The SAO reviewed 331 rules proposed by 16 state agencies between 2014 and 2015. It was discovered agencies claimed an exemption from the RFA for 127 of them. However, in only slightly more than half of the 127 instances did agencies rely on and cite an allowable exemption.
Smith, R-Clinton, says that’s a serious concern her bill would address.
“Small businesses are uniquely and disproportionately impacted by the rules created by state agencies, and that’s why I was so troubled by the audit’s findings,” said Smith. “The Regulatory Fairness Act was created to protect small businesses from burdensome regulations, but it’s clear it hasn’t been working as intended. That’s why I introduced this bill and was pleased to see a unified House pass it unanimously off the floor.
I want to thank the governor’s office for reaching out and working with me on this bill to ensure we are taking the necessary steps to correct the problems uncovered by the audit.
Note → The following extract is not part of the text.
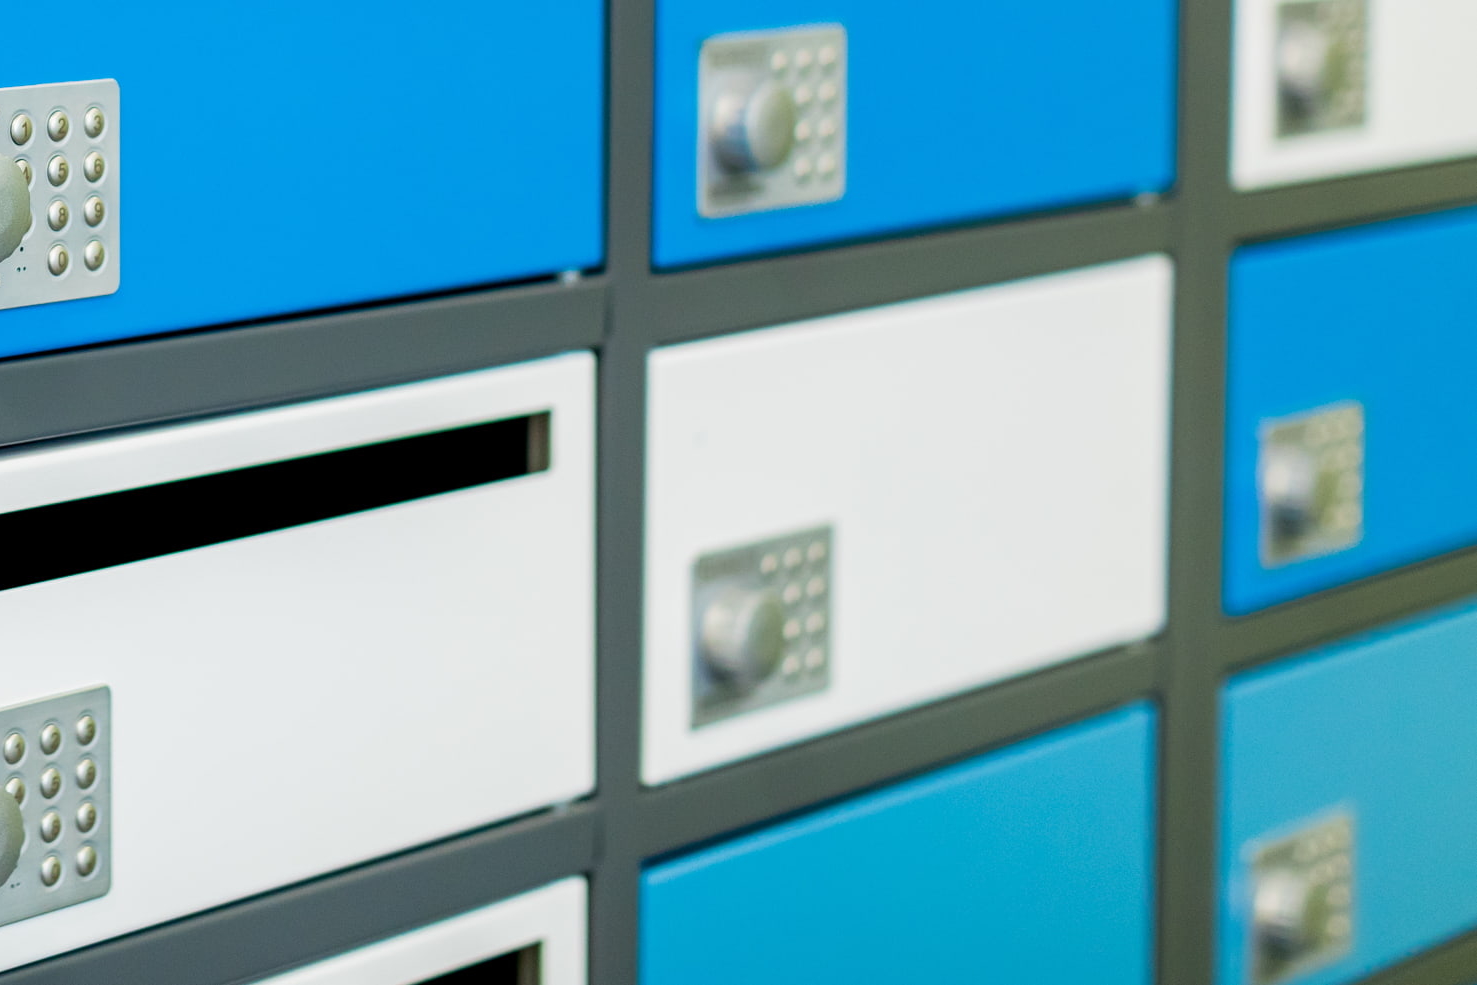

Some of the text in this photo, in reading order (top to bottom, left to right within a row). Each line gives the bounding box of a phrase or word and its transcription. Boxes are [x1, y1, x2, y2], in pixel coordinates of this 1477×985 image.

I am confident this bill will improve the regulatory climate for our state’s small businesses and help ensure they receive the customer service they deserve as key drivers of our state’s economic growth.”
House Bill 1120 would do five things to curb ongoing RFA compliance issues.
First, agencies able to demonstrate a proposed rule would have no effect on small businesses would be exempt from completing a small business economic impact statement.
Second, agencies proposing a rule that would only affect small businesses would be required to consider mitigation options to reduce the cost to small businesses.
Third, agencies whose proposed rules would impose more than minor costs on small businesses would be required to mitigate those costs if the agency did not have sufficient data to calculate disproportionate impacts.
Fourth, the Office of Regulatory Innovation and Assistance would be required to act as the state’s central entity to assist agencies with meeting the RFA’s requirements.
Fifth, beginning June 30, 2020, the SAO would be required to conduct performance reviews of agencies to assess their compliance with the RFA.
House Bill 1120 now moves to the Senate for further consideration.